Hay una secuencia lógica, que no siempre se corresponde con la trayectoria temporal. El núcleo de la ciencia básica desemboca en las aplicaciones prácticas, que se utilizarán en el proceso fabril y en el consumo. Como queda dicho, en España la ciencia básica apenas cuenta; se importa de los países centrales (Alemania, Francia, Holanda, Reino Unido, Estados Unidos, entre otros). En todo caso, la economía española sabe desarrollar algunas aplicaciones técnicas de la ciencia.

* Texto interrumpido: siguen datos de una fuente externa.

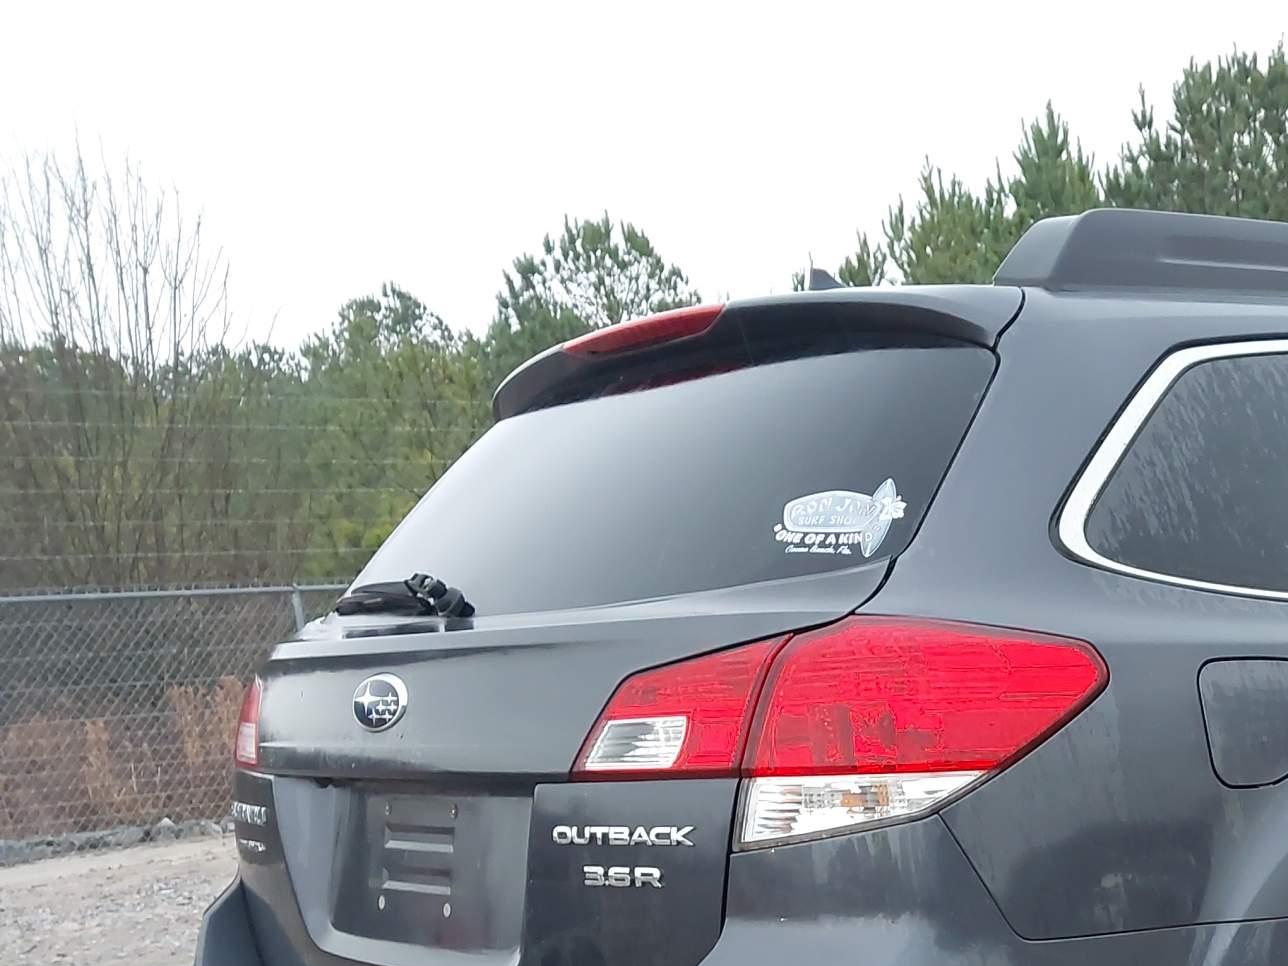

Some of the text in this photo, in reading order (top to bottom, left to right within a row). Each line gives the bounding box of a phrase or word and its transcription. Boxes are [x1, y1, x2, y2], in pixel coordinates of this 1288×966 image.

[804, 533, 826, 545] OF
[825, 533, 837, 545] A
[553, 825, 695, 846] OUTBACK

La llamada revolución industrial o fabril llegó tarde a España, como apéndice de los países centrales. Hoy, por ejemplo, España produce algunos millones de automóviles, en gran parte para la exportación, con fábricas en distintas regiones. Todas las marcas son extranjeras. Es decir, todas esas fábricas se nutren del diseño realizado en los países centrales, donde se genera la mayor parte del valor añadido. España provee de profesionales, técnicos y operarios, con sueldos modestos, según los estándares de los países centrales. Es una combinación muy inteligente, aun con el coste de una economía como la española dependiente de los grandes centros extranjeros, donde se elabora la ciencia, el conocimiento básico.

Esta situación vicaria de la economía española no la consideran los Gobiernos como un relativo retraso respecto de los países centrales. La idea de pasar al estadio de un país productor de ciencia no se considera una prioridad en los programas políticos españoles, los asentados en el poder.

El resultado dramático, ante la actual crisis económica mundial, es que la economía española tiene que soportar unas desusadas tasas de paro, no solo de los empleados, sino de los empresarios y profesionales. La única manera de remediar, mal que bien, tal carga es mediante unas altísimas cotas de impuestos. Muchos de ellos son difíciles de entender, por su carácter indirecto u opaco. Por ejemplo, en la factura del consumo de agua o electricidad, la gran parte no es, propiamente, el servicio correspondiente, sino los impuestos que a él se adscriben. Si bien se mira, se trata de un coste invisible, que los españoles deben pagar como precio por carecer de ciencia.